Friday, July 10, 2009

Chicken and Asparagus Bundles

NEED:

4 (4 ounce) boneless skinless chicken breast halves
1 pound fresh asparagus spears, trimmed
4 1/2 teaspoons olive or canola oil
2 teaspoons lemon juice
1/2 teaspoon dried basil
1/4 teaspoon dried thyme
1/4 teaspoon pepper
1/8 teaspoon salt
1/4 cup chopped green onions
2 teaspoons cornstarch
1 cup chicken broth

Flatten chicken breasts slightly.

Wrap each around five asparagus spears; secure with toothpicks. Place in a 13-in. x 9-in. x 2-in. baking dish coated with nonstick cooking spray.
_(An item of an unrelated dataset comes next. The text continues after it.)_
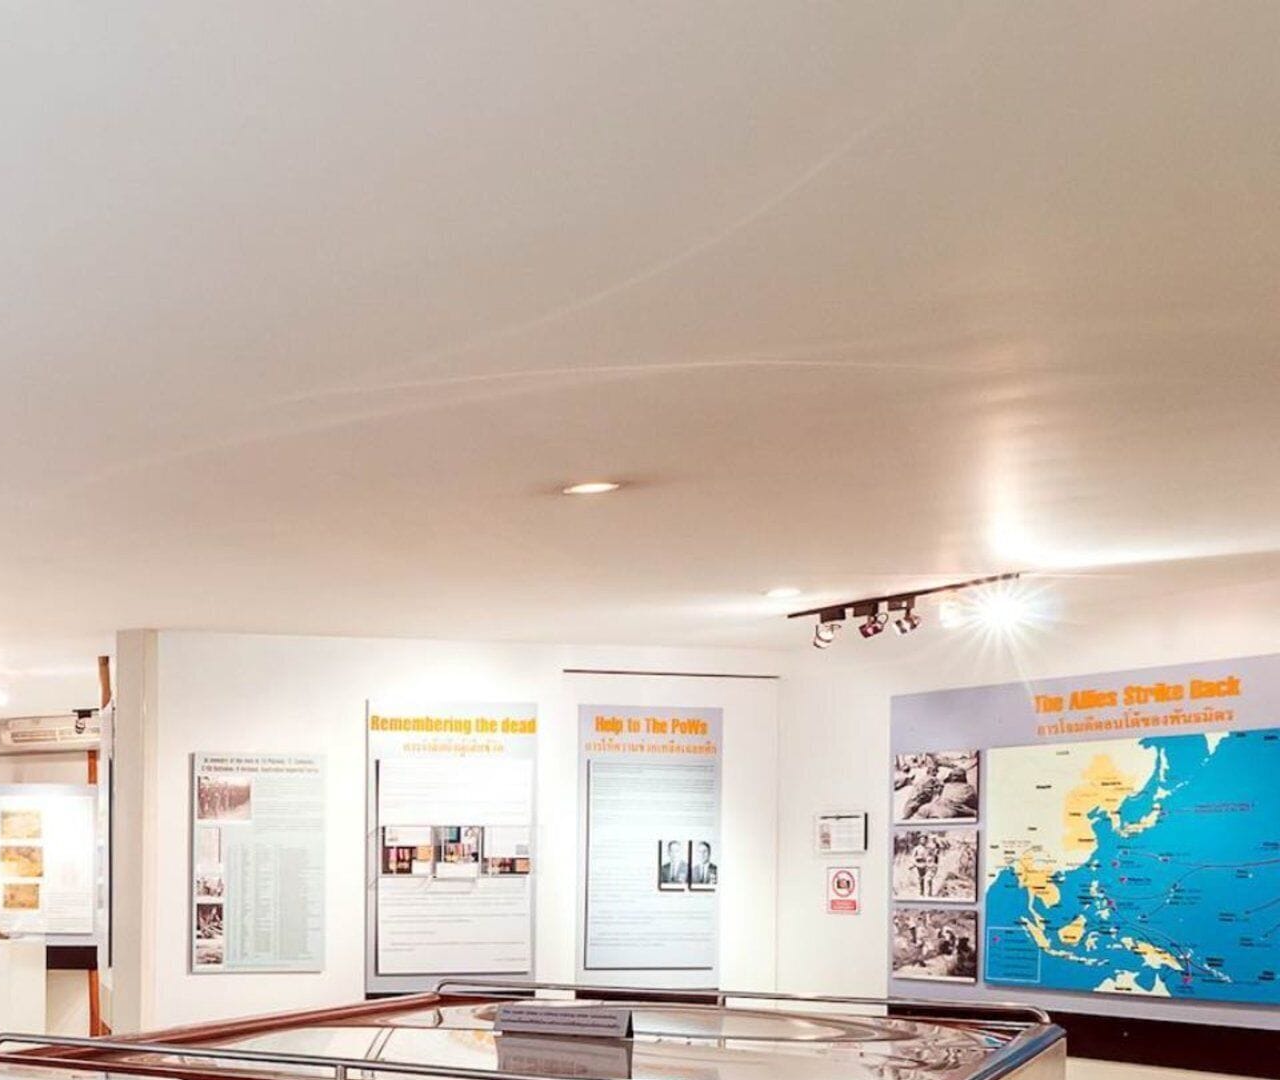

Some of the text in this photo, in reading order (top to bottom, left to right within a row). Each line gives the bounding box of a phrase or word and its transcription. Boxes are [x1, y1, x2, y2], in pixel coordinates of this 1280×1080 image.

[1035, 676, 1241, 713] The Allies Strike Back
[371, 716, 537, 735] Remembering the dead
[595, 716, 708, 735] Help to The PoWs
Combine the oil, lemon juice and seasonings; pour over bundles. Cover asparagus tips with foil.

Cover and bake at 350 degrees for 15 minutes. Uncover; sprinkle with the onions.

Bake 12-15 minutes longer or until the chicken juices run clear and asparagus is crisp-tender.
Remove bundles to a serving platter and keep warm.

In a saucepan, combine cornstarch and broth until smooth; stir in pan juices. Bring to a boil; cook and stir for 2 minutes or until thickened. Remove toothpicks from bundles; top with sauce.

ENJOY!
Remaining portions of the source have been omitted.